The past few days have seen some key events in our Think Like an Engineer project. Last week we held our first Big Tinker – the opportunity for each class in school to spend a session focussing on an engineering activity. This can be linked to another area of the curriculum, such as Literacy, or as a stand-alone tinker. We will be holding these on a regular half-termly basis, alongside our termly Engineering Days to keep the momentum going.
Teachers are given a free reign, with the stipulation that children need to have time to discuss and plan their ideas before launching in to the making. For KS2, it was suggested that they try out one of the activities demonstrated on the recent BBC2 programme: Astronauts: Do you have what it takes? This involved building the highest tower possible with A4 paper and paperclips, which had to stand for 30 seconds. The astronauts had a time limit of 20 minutes, of which the first five minutes were spent discussing their ideas, standing back to back. For the remaining 15 minutes, whilst building the tower, they were only allowed to communicate through facial expressions and gesticulations.
Year 5 & 6 took part in the challenge in the school hall and could communicate fully. The Year 4 children were asked to work in silence, which they found very difficult. As a result, their attempts were much less successful. Despite this, a considerable amount of learning went on, and it became clear how important it is to hold these regular events as a reinforcement of engineering habits of mind.
The winning tower measured 112 cm high – not at all bad, considering the potential astronauts managed just over 200 cm.
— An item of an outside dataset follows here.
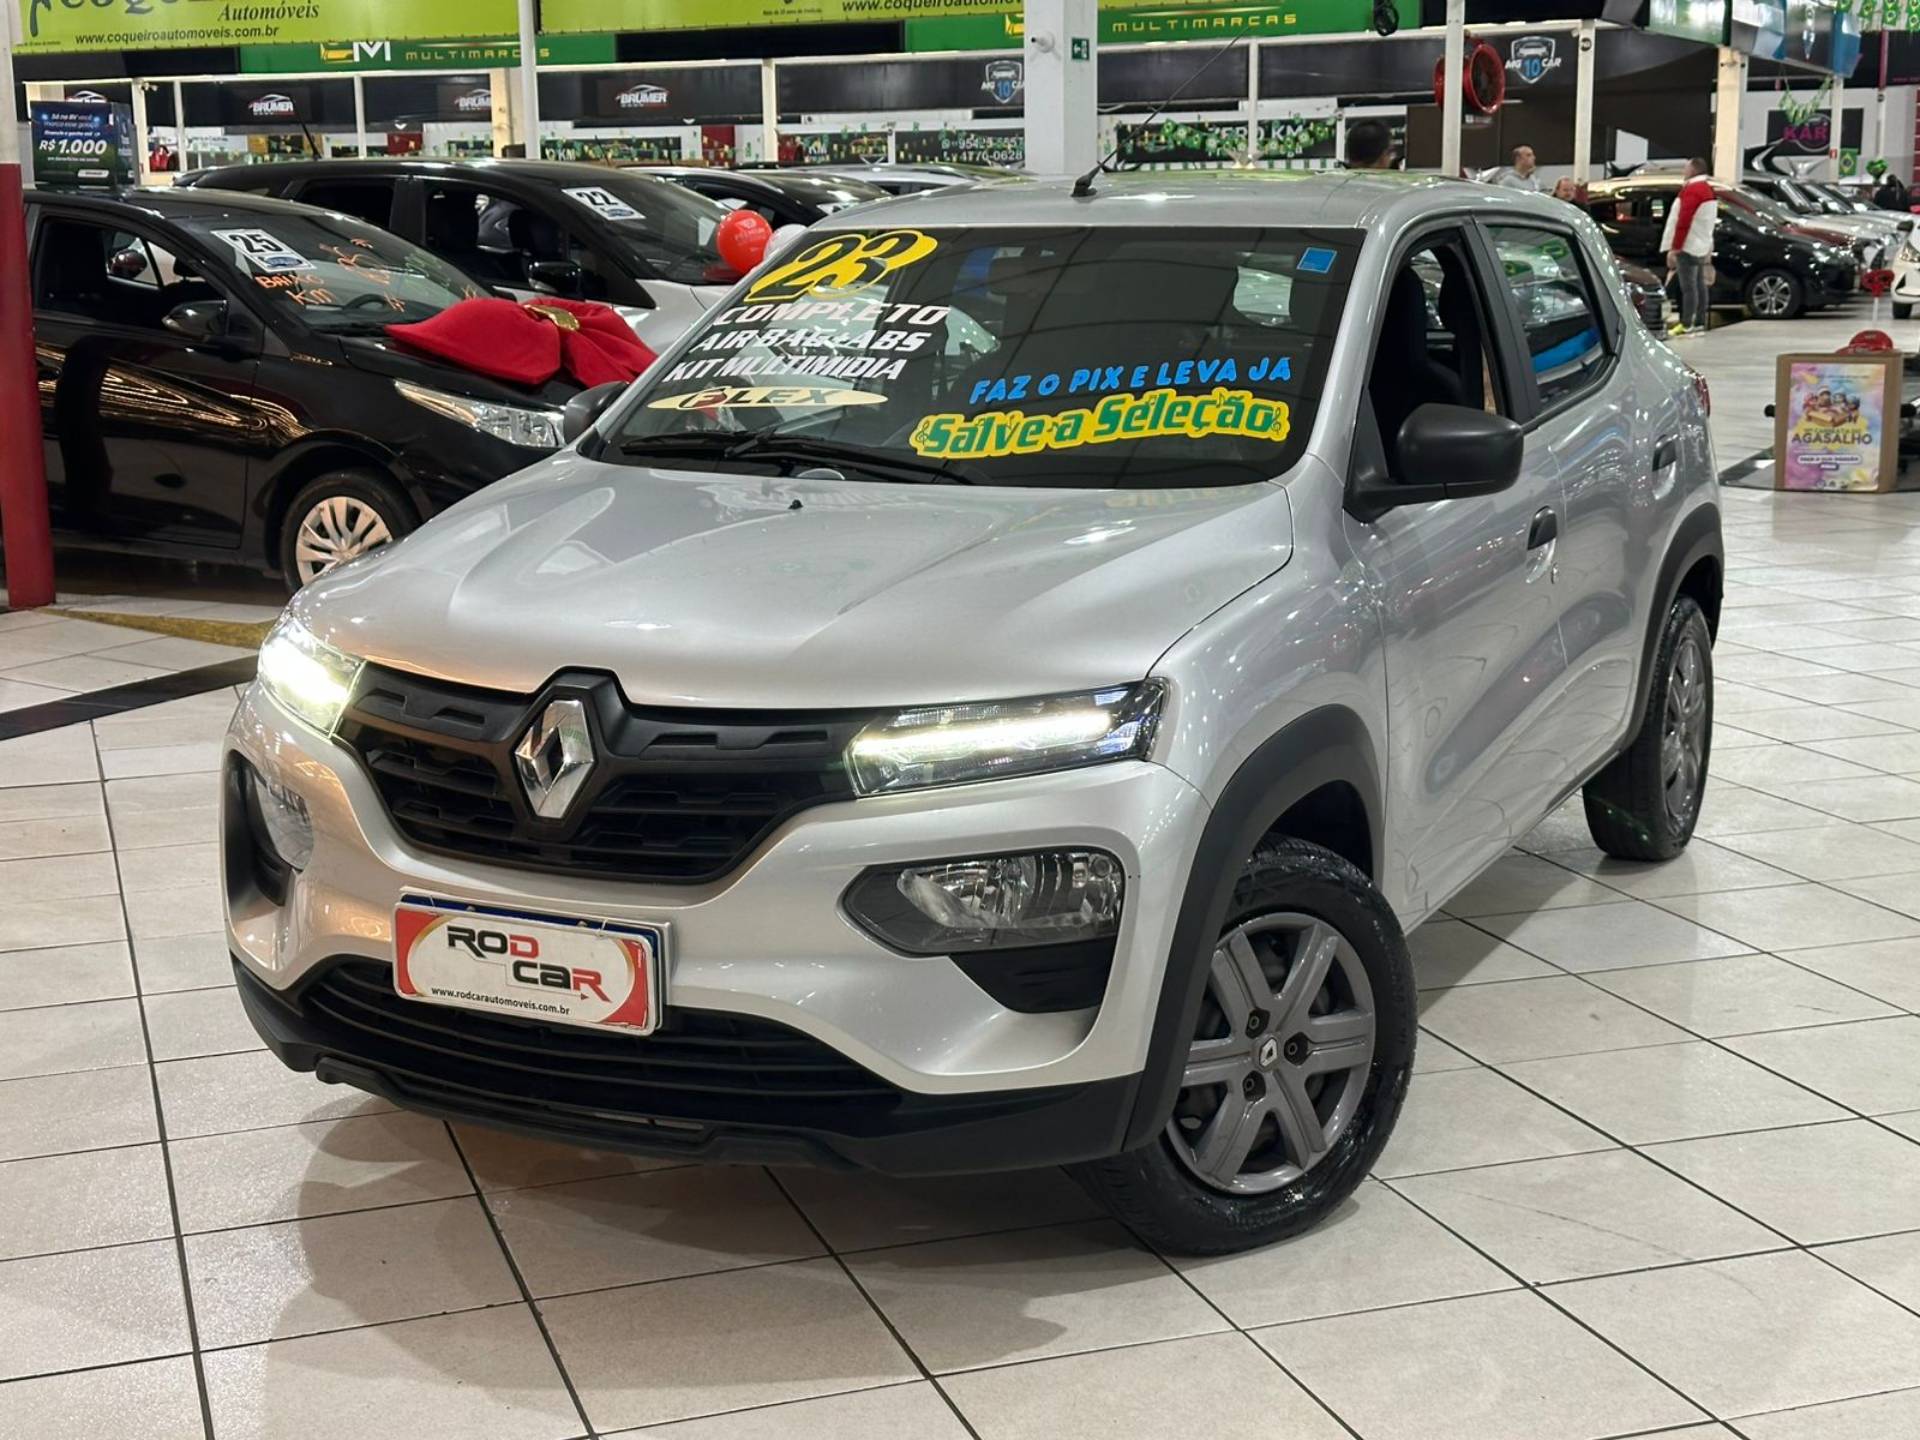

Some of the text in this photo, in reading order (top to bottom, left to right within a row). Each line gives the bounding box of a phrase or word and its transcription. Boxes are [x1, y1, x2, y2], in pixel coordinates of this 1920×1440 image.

The infants had their own ideas and their Big Tinkers ranged from bottle top catapults, inspired by a Beavers’ activity to making flotation devices in Year 2. The most important aspect for me though, was that everyone had fun and engineering continues to be alive in school.
The Year 5s did some more paper engineering earlier in the week, when they investigated hoop gliders.
Today we were lucky enough to have yet another visit from the dynamic duo: Pete Lomas and Tim Wilson. This time they brought with them a wealth of goodies: namely a large collection of Raspberry Pis complete with Sense HATS – a board which was taken up to the ISS during Tim Peake’s Principia mission. As the children had never encountered Pis before, there was considerable excitement in the room whilst the equipment was being sorted out.
The children organised themselves into groups of 3 and set up their Raspberry Pis using a pi-CEED as their display device. It was impressed by how the children were able to confidently plug everything together. Having installed Raspbian, they were then ready to experiment with Python.
There were three programming activities for the SenseHAT, which worked well as it meant that everyone in the group had the opportunity to enter some code.
The children soon learned that it was critical to copy each line down correctly, just a it appeared on the worksheet – any incorrect syntax or missing spaces meant that the program just wouldn’t run. There was a lot of problem finding going on. Both Pete and Tim were impressed by the children’s resilience. And, once they had run the program successfully and became more familiar with Python, then they started to modify the code.
The next step will be to complete Astro Pi: Mission Zero using an online Sense HAT emulator to create the program. No hardware is needed, as everything is done in a web browser. The completed program is then actually run in space on the International Space Station (ISS)! How cool is that!
Thank you Tim & Pete and the Raspberry Pi Foundation for giving us these wonderful opportunities.